_Assignment_
Reproduce the whole listing that follows, character for character, and drop the images.

_Records to use_
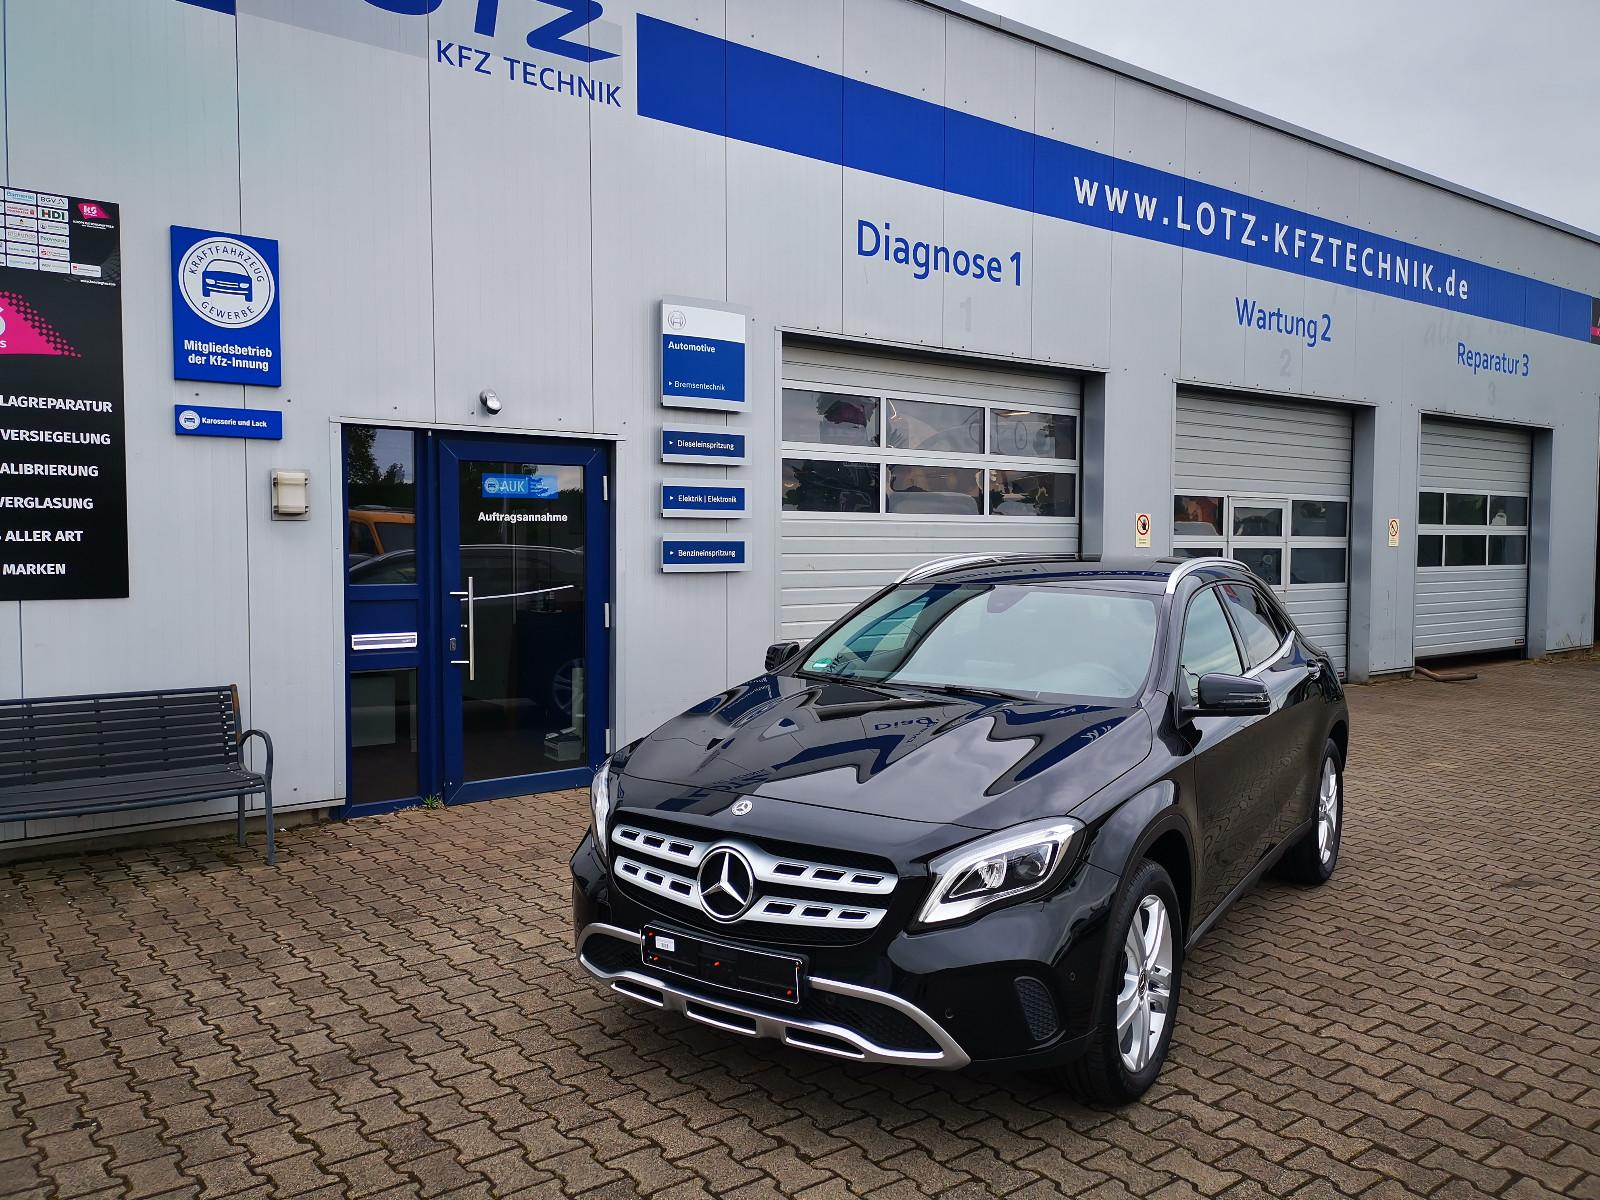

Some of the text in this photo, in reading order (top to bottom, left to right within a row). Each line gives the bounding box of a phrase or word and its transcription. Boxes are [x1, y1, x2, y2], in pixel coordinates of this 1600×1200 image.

[436, 39, 622, 107] KFZ TECHNIK
[42, 209, 65, 221] HDI
[1073, 175, 1469, 300] www.LOTZ-KFZTECHNIK.de
[857, 219, 1021, 286] Diagnose 1
[189, 244, 265, 283] KRAFTFAHRZEUG
[201, 301, 255, 320] GEWERBE
[1235, 296, 1332, 348] Wartung 2
[184, 339, 273, 358] Mitgliedsbetrieb
[668, 341, 716, 353] Automotive
[188, 353, 269, 372] der Kfz-Innung
[1456, 342, 1530, 377] Reparatur 3
[674, 381, 726, 391] Bremsentechnik
[201, 417, 267, 428] Karosserie und Lack
[0, 429, 111, 445] VERSIEGELUNG
[677, 439, 735, 451] Dieseleinspritzung
[0, 463, 99, 477] ALIBRIERUNG
[678, 494, 737, 503] Elektrik Elektronik
[478, 511, 568, 524] Auftragsannahme
[5, 530, 52, 542] ALLER
[54, 530, 84, 542] ART
[678, 549, 736, 558] Benzineinspritzung
[2, 563, 66, 575] MARKEN
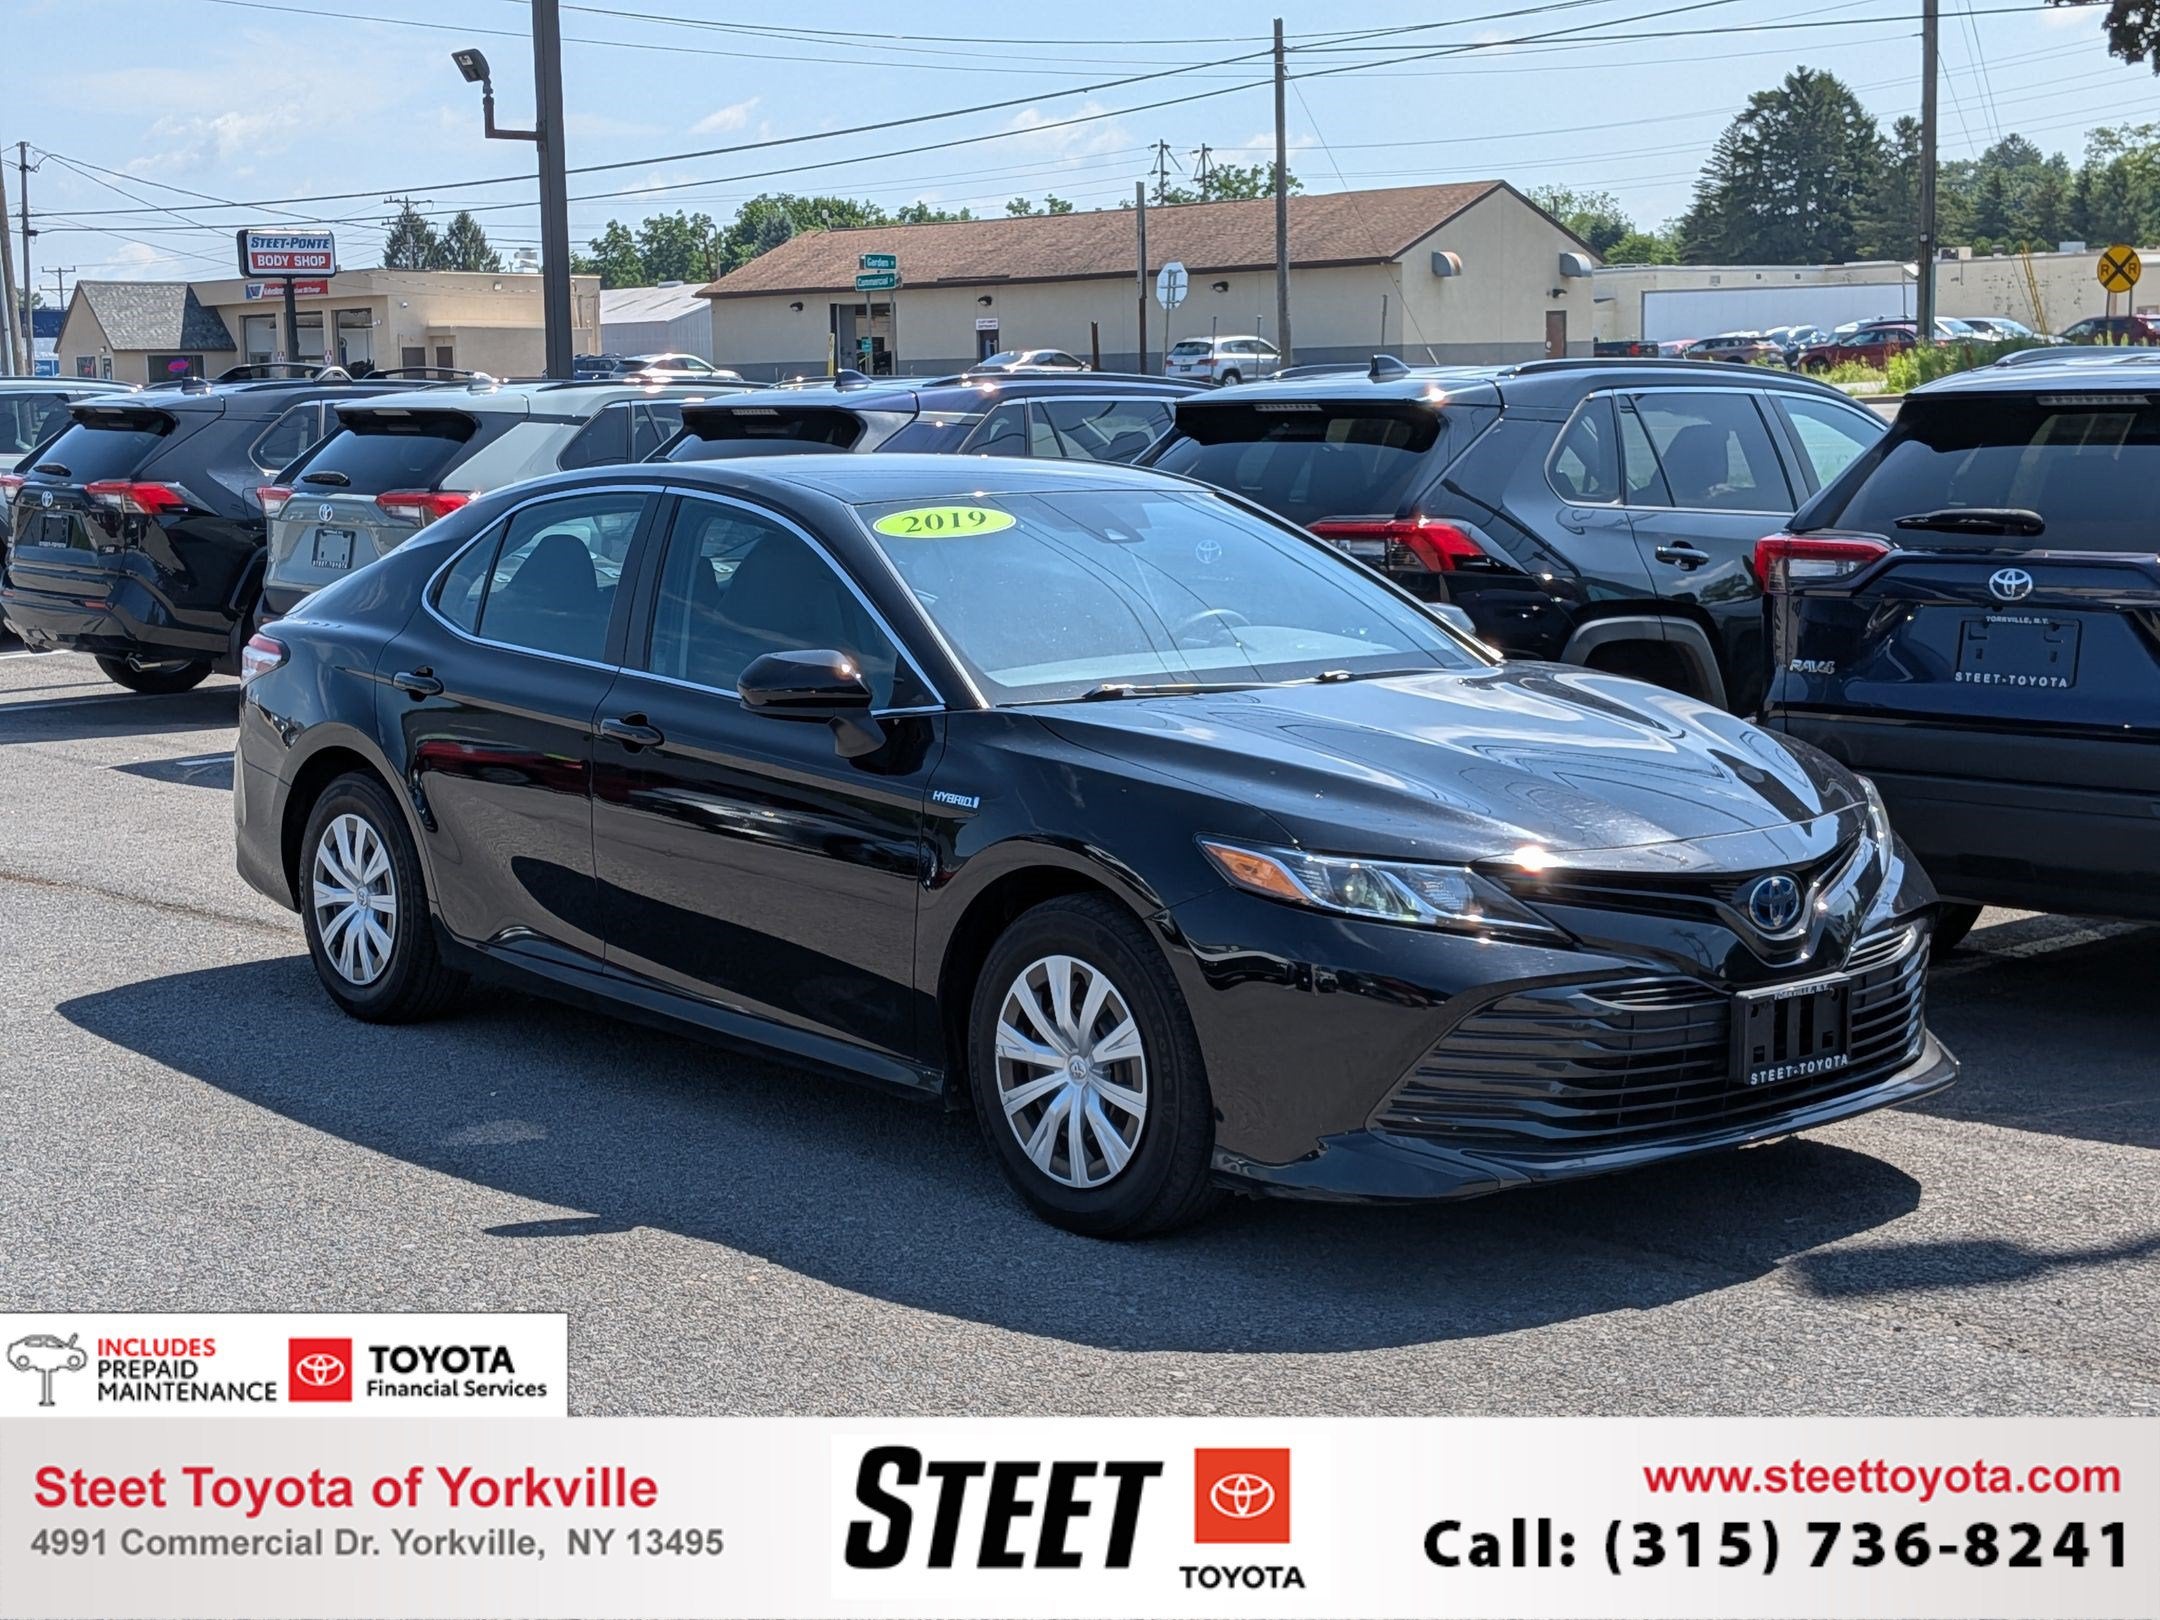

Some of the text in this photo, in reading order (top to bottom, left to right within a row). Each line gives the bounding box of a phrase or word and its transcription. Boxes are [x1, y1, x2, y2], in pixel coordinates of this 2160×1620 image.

_Response_
Some of the text in this photo, in reading order (top to bottom, left to right within a row). Each line gives the bounding box of a phrase or word and its transcription. Boxes are [x1, y1, x2, y2], in pixel coordinates of this 1600×1200 image.

[436, 39, 622, 107] KFZ TECHNIK
[42, 209, 65, 221] HDI
[1073, 175, 1469, 300] www.LOTZ-KFZTECHNIK.de
[857, 219, 1021, 286] Diagnose 1
[189, 244, 265, 283] KRAFTFAHRZEUG
[201, 301, 255, 320] GEWERBE
[1235, 296, 1332, 348] Wartung 2
[184, 339, 273, 358] Mitgliedsbetrieb
[668, 341, 716, 353] Automotive
[188, 353, 269, 372] der Kfz-Innung
[1456, 342, 1530, 377] Reparatur 3
[674, 381, 726, 391] Bremsentechnik
[201, 417, 267, 428] Karosserie und Lack
[0, 429, 111, 445] VERSIEGELUNG
[677, 439, 735, 451] Dieseleinspritzung
[0, 463, 99, 477] ALIBRIERUNG
[678, 494, 737, 503] Elektrik Elektronik
[478, 511, 568, 524] Auftragsannahme
[5, 530, 52, 542] ALLER
[54, 530, 84, 542] ART
[678, 549, 736, 558] Benzineinspritzung
[2, 563, 66, 575] MARKEN

Some of the text in this photo, in reading order (top to bottom, left to right within a row). Each line gives the bounding box of a phrase or word and its transcription. Boxes are [x1, y1, x2, y2], in pixel coordinates of this 2160×1620 image.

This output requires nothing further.